5 of 408 comments (clear)

  1. Re:Business vs Open Source by mrcaseyj · · Score: 5, Insightful

    Sun just couldn't compete with Linux and Intel. Open sourcing wasn't the problem. It probably helped, just not enough.

  2. Re:Blame open-source by guruevi · · Score: 5, Insightful

    The mistake they made was that they forgot (or didn't know how) to monetize the open source solutions they had. OpenSolaris was great, Java was great, OpenOffice was great but there was no option to buy support or custom development for those products. The only way was to go with closed Solaris and StarOffice which were quite different products and required IT folks to migrate. Basically they pushed OpenSolaris as a development vehicle for their closed Solaris which made for a bunch of OpenSolaris installs way ahead and more feature-rich (patch-wise) than Solaris, migrating back was a pain (or impossible if you upgraded your ZFS pools), installing Sun software on it was a pain.

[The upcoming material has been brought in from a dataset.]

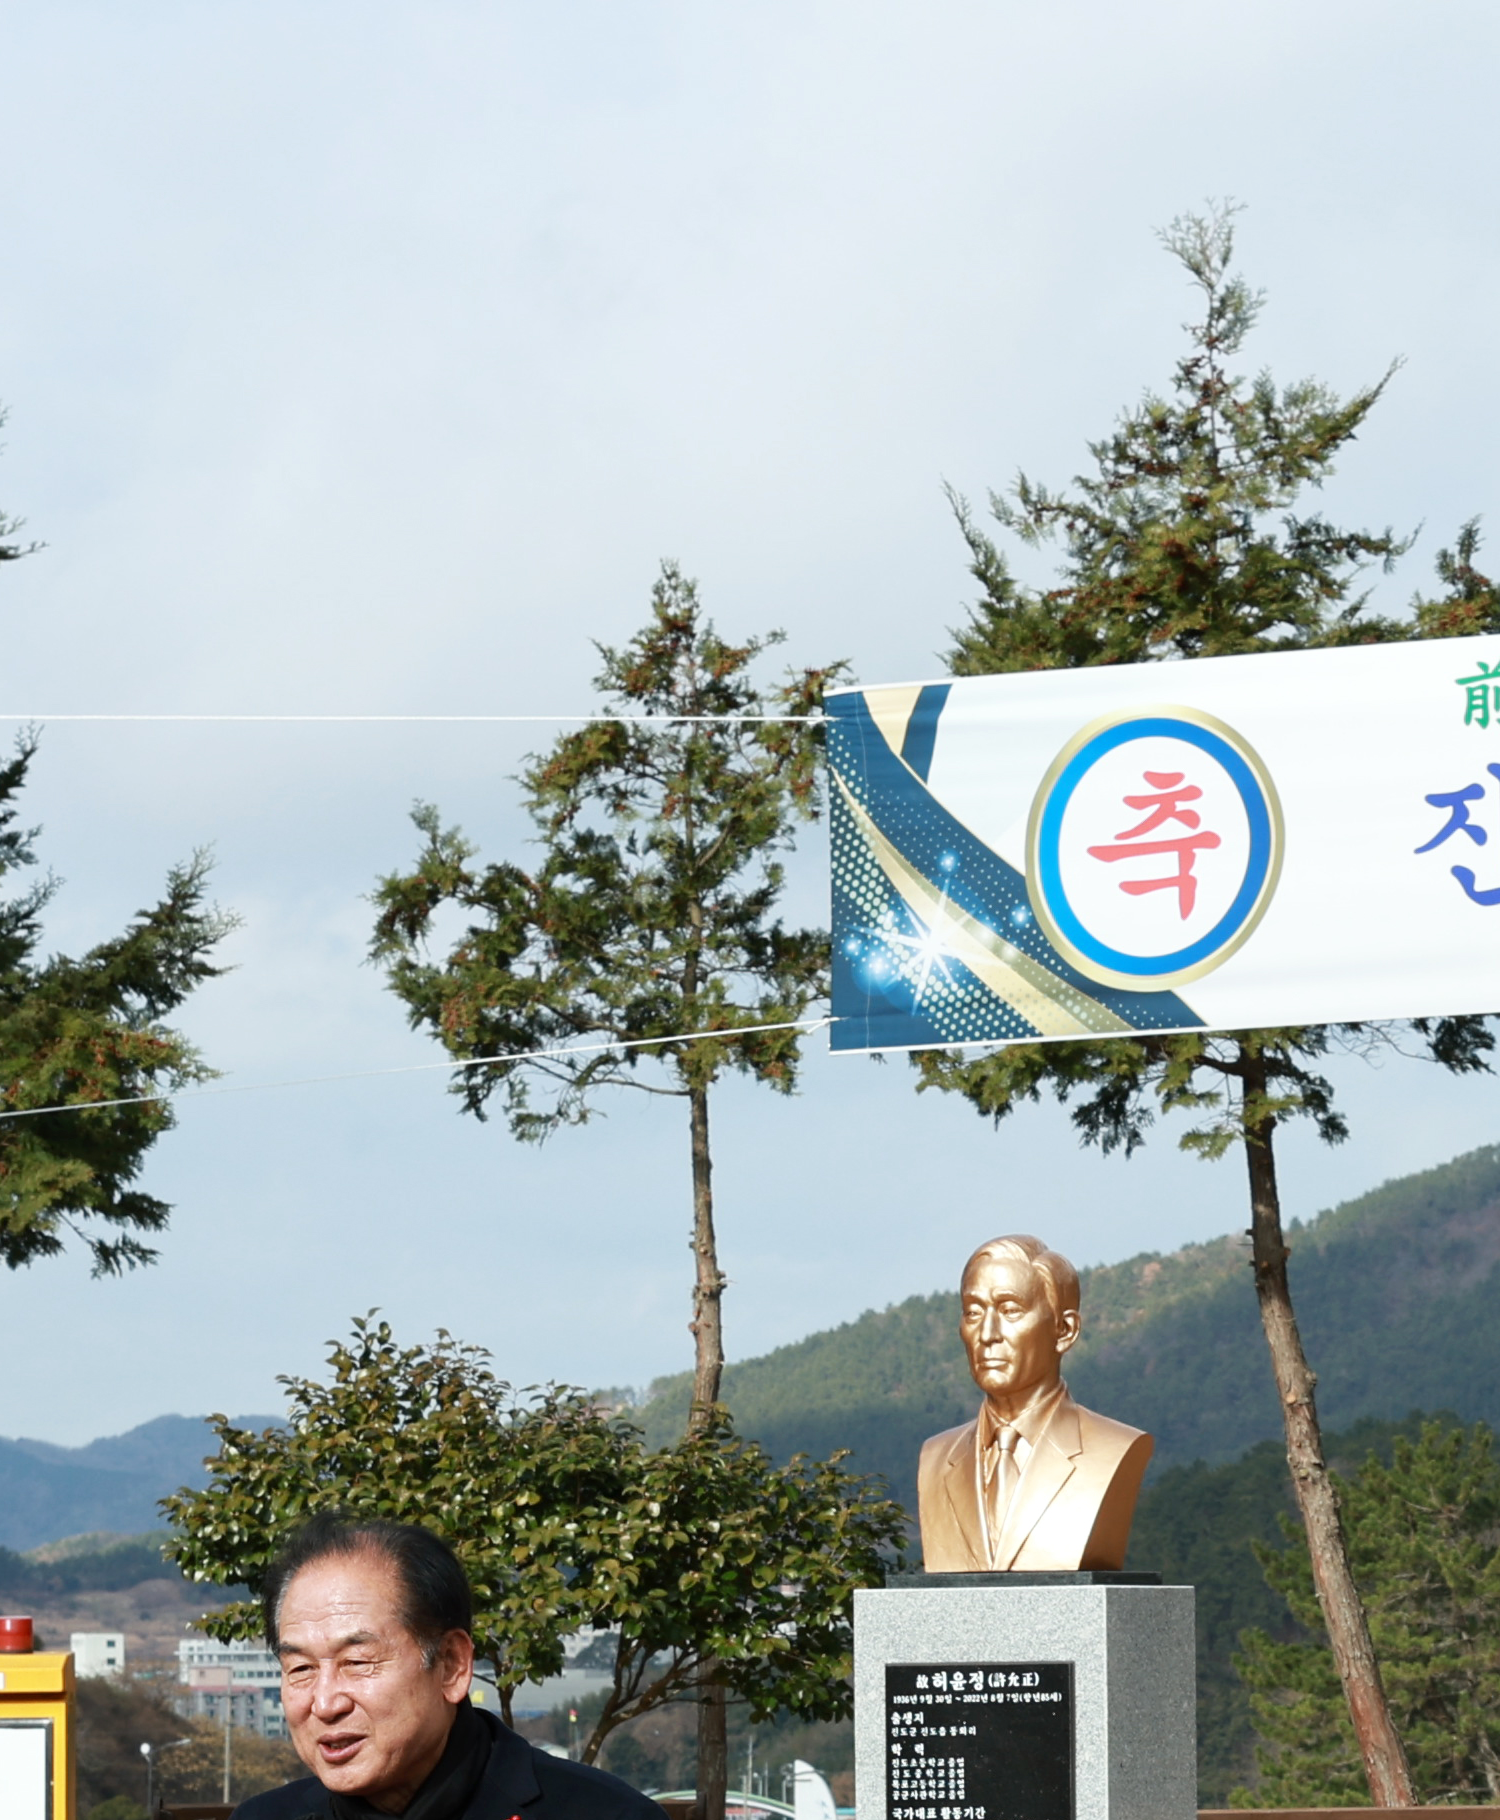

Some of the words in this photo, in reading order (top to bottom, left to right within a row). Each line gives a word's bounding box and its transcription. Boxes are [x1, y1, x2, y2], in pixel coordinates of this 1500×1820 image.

    If anything I would say they didn't open source enough of their products for it to be a success. OpenSolaris would've been great in a well-marketed product like Nexenta did - take the closed source out of it, allow for the great amount of Linux software to run directly on it and make it easy as Ubuntu. But their stock repositories were crap and hard to find requiring signing up to get keys or stick to the handful of community repos. Their HA and Storage solutions are still the best you can find in the market but again, hard to install on OpenSolaris and not very compatible with other software and systems.

    Their hardware was also overpriced which pushed them right out of the market. I can understand the higher pricing on their SPARC products but not for their generic x86 systems.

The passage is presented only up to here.